# Change bits to make specific OR value

Given two positive integers A and B, we can change at most K bits in both the numbers to make OR of them equal to a given target number T. In the case of multiple solutions try to keep A as small as possible.

Examples:

```Input : A = 175,
B = 66,
T = 100,
K = 5
Output : A = 36
B = 64
Initial bits of A = 1010 1111
Changed bits of A = 0010 0100
Initial bits of B = 0100 0010
Changed bits of B = 0100 0000
OR of changed Bits = 0110 0100
Which has decimal value equal to Target T.

Input : A = 175,
B = 66,
T = 100,
K = 4
Output : Not Possible
It is not possible to get OR of
A and B as T, just by changing K bits.
```

## Recommended: Please try your approach on {IDE} first, before moving on to the solution.

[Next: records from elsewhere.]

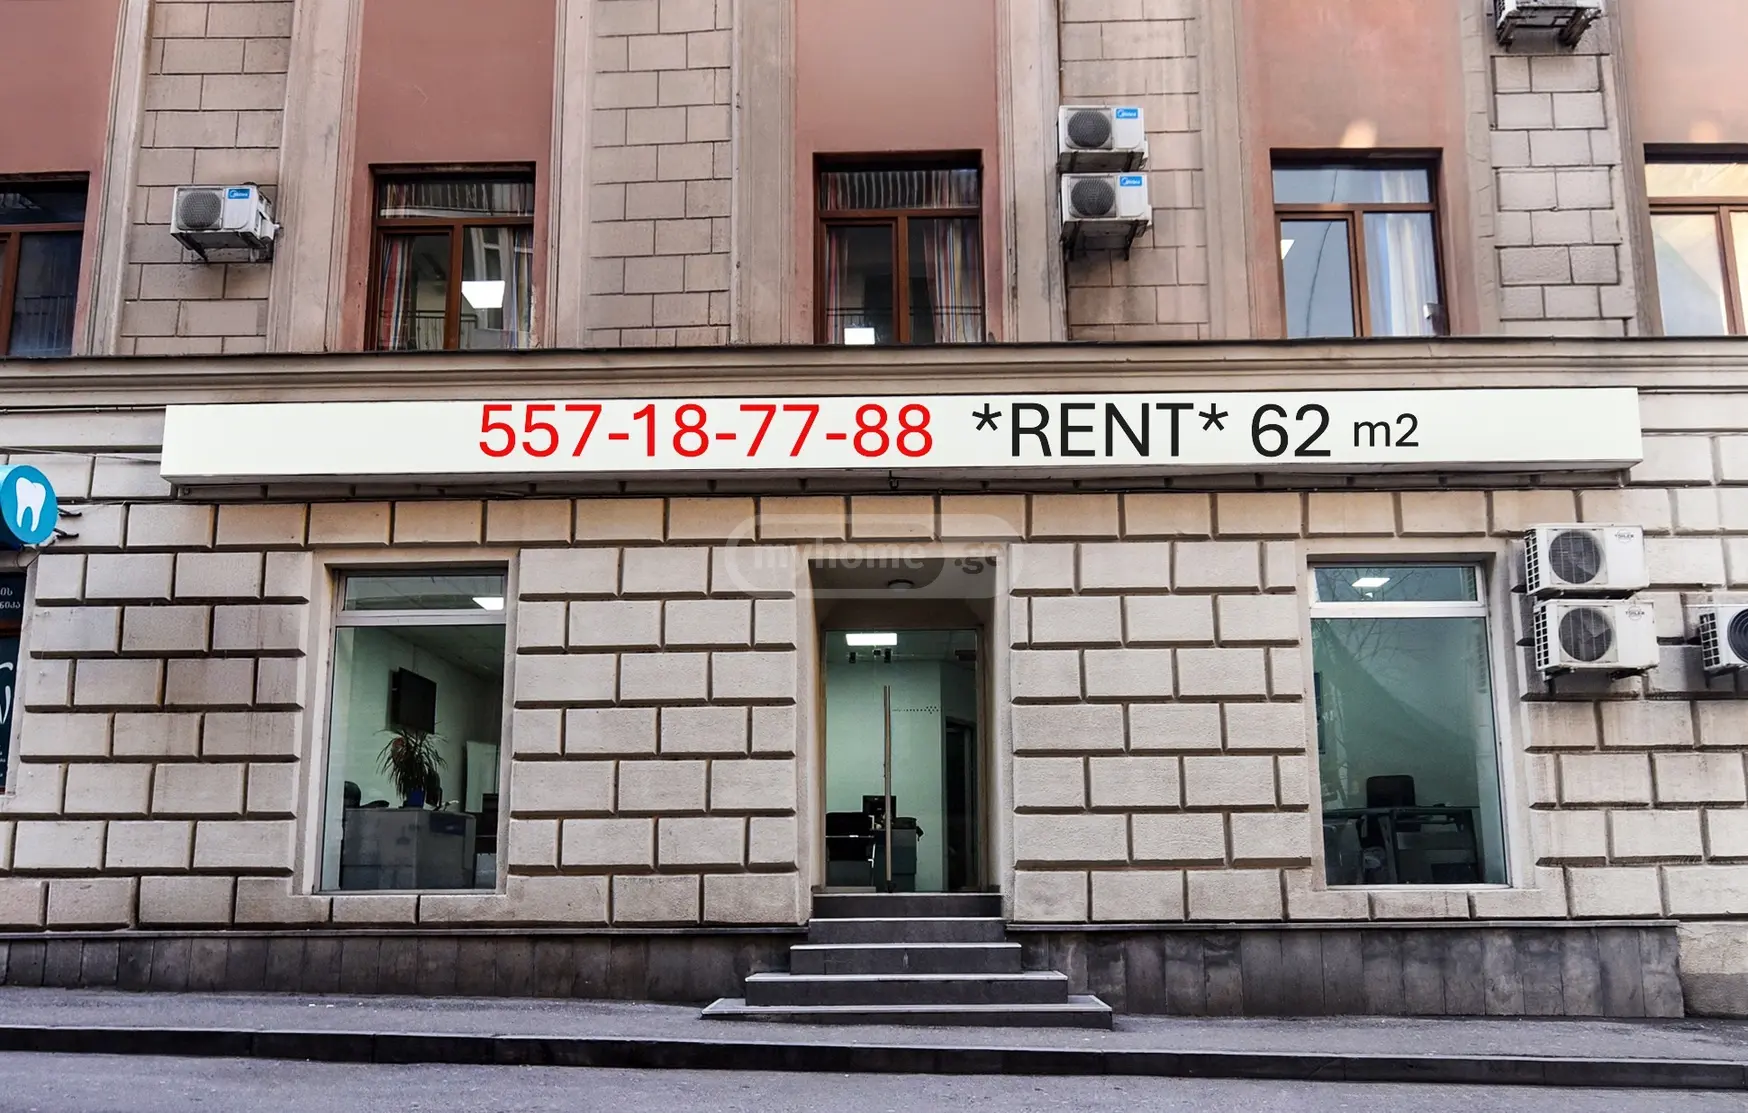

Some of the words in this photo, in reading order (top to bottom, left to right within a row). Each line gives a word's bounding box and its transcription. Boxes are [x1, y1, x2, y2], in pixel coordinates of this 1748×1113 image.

[479, 403, 933, 458] 557-18-77-88
[1252, 403, 1331, 458] 62
[1354, 412, 1419, 447] m2
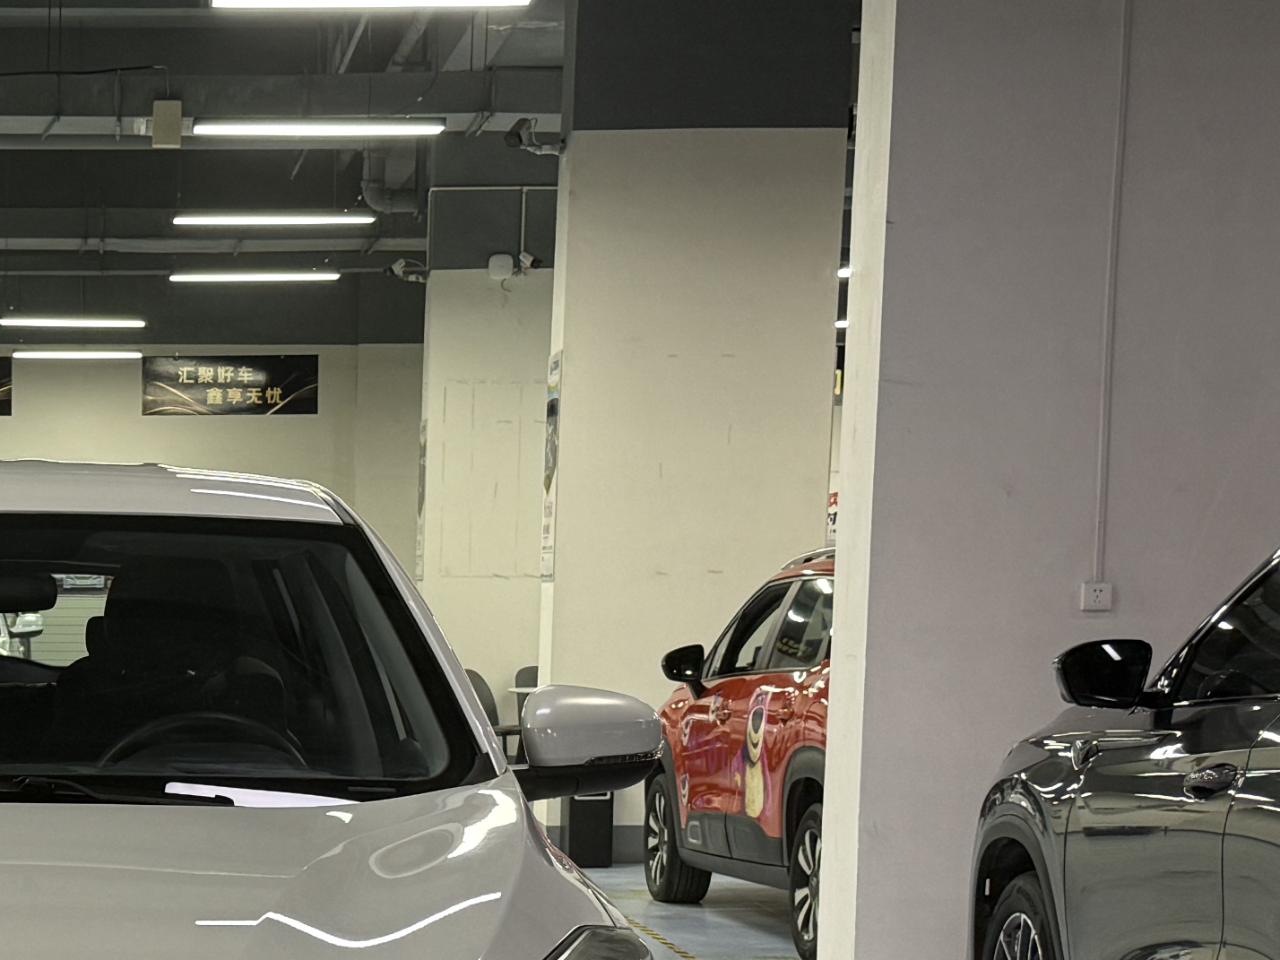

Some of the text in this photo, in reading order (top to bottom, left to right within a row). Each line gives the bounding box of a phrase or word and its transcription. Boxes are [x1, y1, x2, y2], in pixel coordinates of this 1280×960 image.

[178, 366, 253, 384] 汇聚好车
[206, 387, 283, 404] 鑫享无忧

We can solve this problem by iterating over all bits of A and B and greedily changing them that is,

• If i-th bit of Target T is 0 then set i-th bits of A and B to 0 (if not already)
• If i-th bit of Target T is 1 then we will try to set one of the bits to 1 and we will change i-th bit of B only to 1(if not already) to minimize A.

After above procedure, if changed bits are more than K, then it is not possible to get OR of A and B as T by changing at most K bits.
If changed bits are less than k, then we can further minimize the value of A by using remaining value of K for which we will loop over bits one more time and if at any time,

• i-th A bit is 1 and i-th B bit is 0 then we will make 2 changes and flip both.
• i-th A and B bits are 1 then again we will make 1 change and flip A’s bit.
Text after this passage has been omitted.